I know this bit really offends the constitutional purists, but I like a guy (both for State and possibly the Supreme Court) who says American law should be willing to take influences from other nations' law and international law. To me, that's an essential harmonization issue that cannot always be slated unidirectionally.

Of course, even the purists would have to admit that we got our original laws largely from other nations, with big influences being Britain and the Dutch, John Locke, etc., so arguing for a firewall now strikes me as ahistoric.

FWIW, I made this argument in Great Powers too.

(Thanks: j ryan)

6:37AM

A new regular column online at Esquire.com

The experiment of filling in for John Richardson's Tuesday column the last two weeks was a success, as far as Esquire.com's chief editor was concerned.

So we talked about next steps yesterday and decided I will now write a weekly column online for Esquire.com. The first one will appear next Thursday, and I plan to make it about this trip to China.

3:55AM

Iranian political cipher

ARTICLE: Principlist clergy fail to endorse Ahmadinejad, (Iranian) Press TV, 23 Apr 2009

One is not so sure how to interpret this.

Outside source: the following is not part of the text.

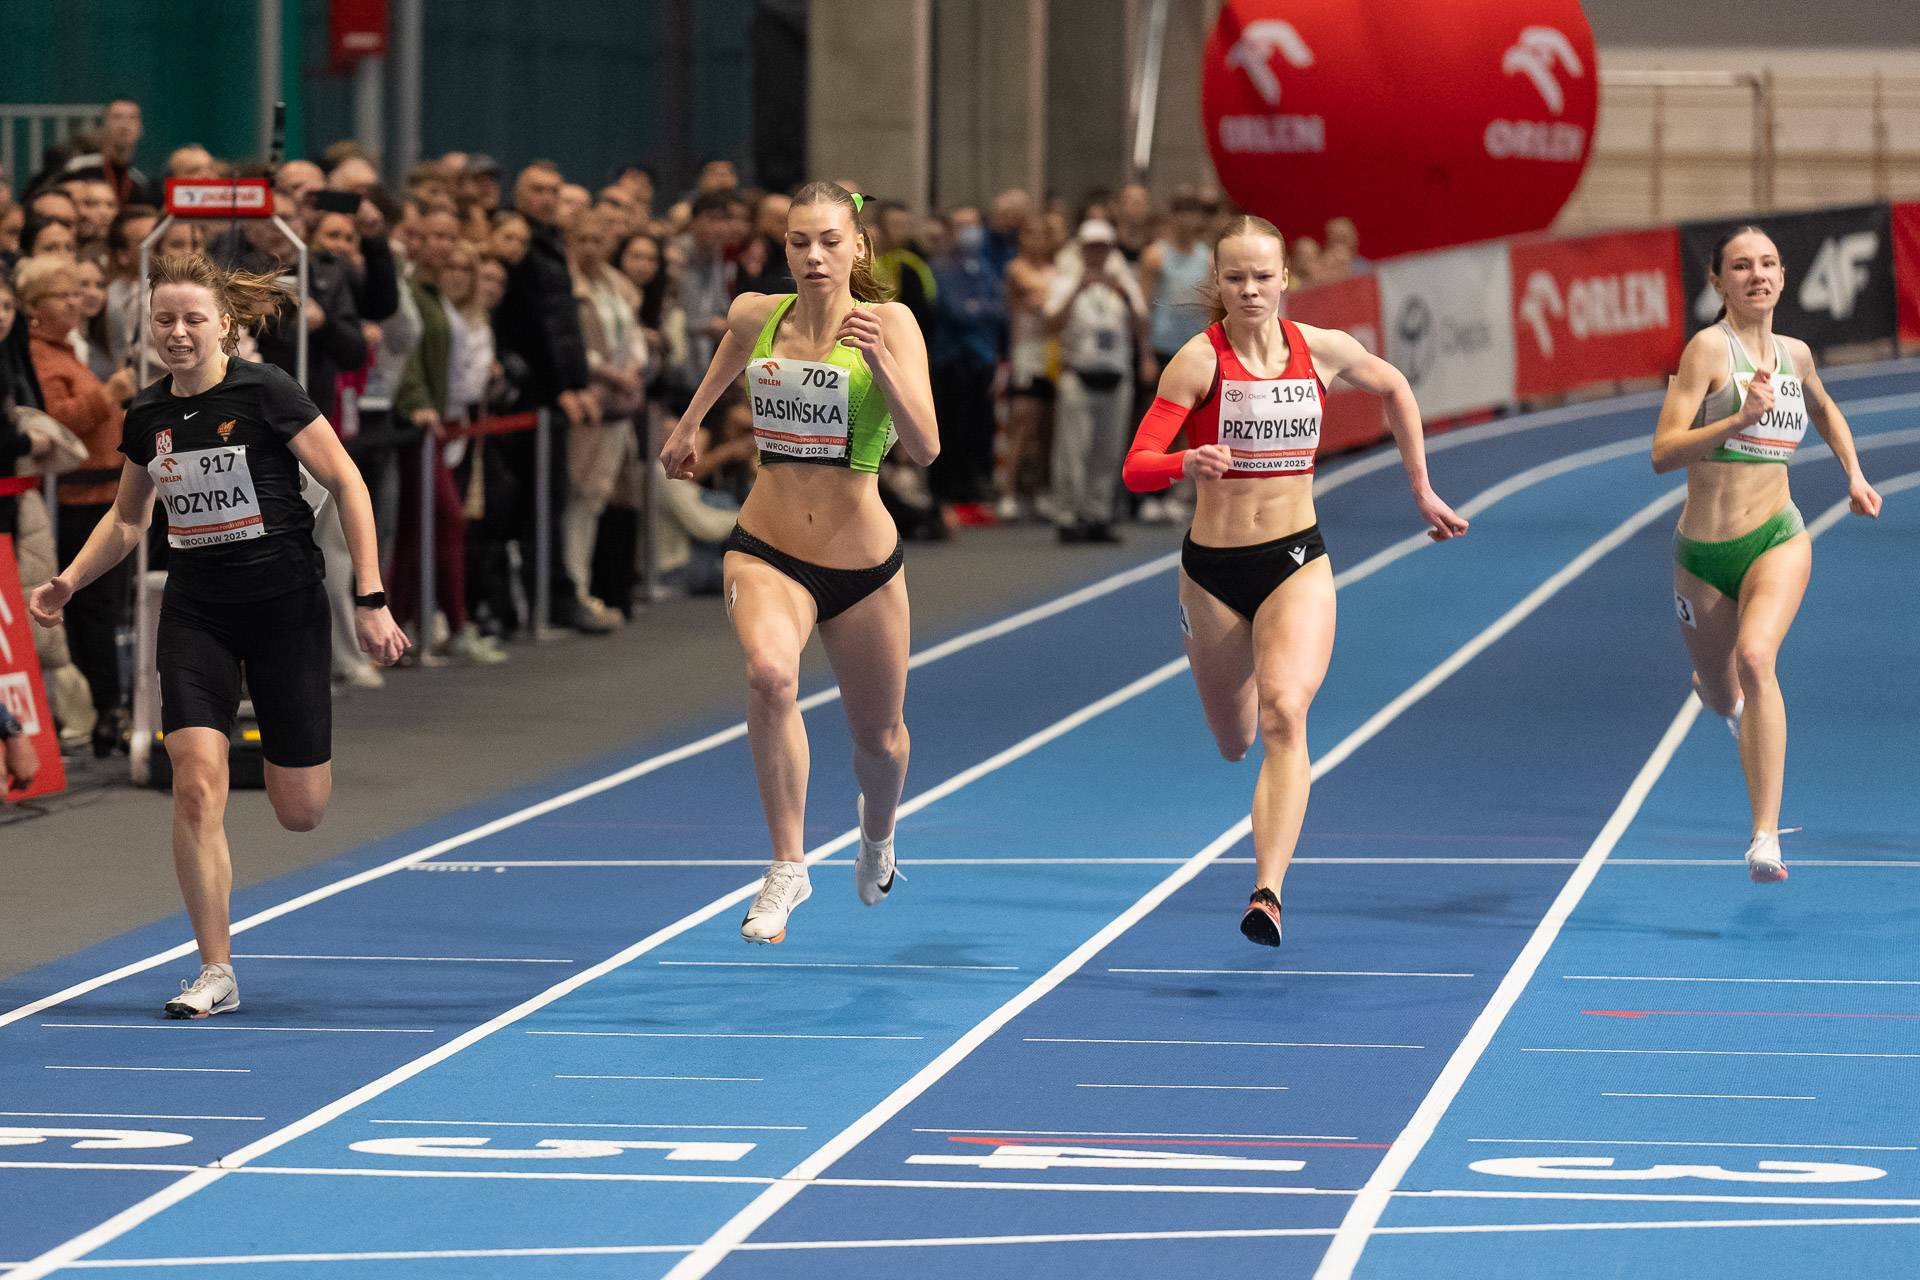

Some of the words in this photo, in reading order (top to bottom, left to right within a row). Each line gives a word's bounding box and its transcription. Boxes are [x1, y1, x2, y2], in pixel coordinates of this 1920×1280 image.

Clearly, Ahmadinejad has weakened his prospects by running such a bad economy. What this says is that his conservative backers fear he cannot win and so want to go in another direction in order to avoid having a "moderate" win.

But since Ahmadinejad has significantly strengthened the presidency, it's hard to say how "independent" his run would be--as in, does he need the Principlists' backing and machinery or can he muster something big on his own?

Still, a good sign that he's pretty weak. If the Supreme Leader signals any wavering, this could spell the end for him, and yet, Khamenei has done anything but up to now.

So, as usual, Iranian politics are opaque and uncertain.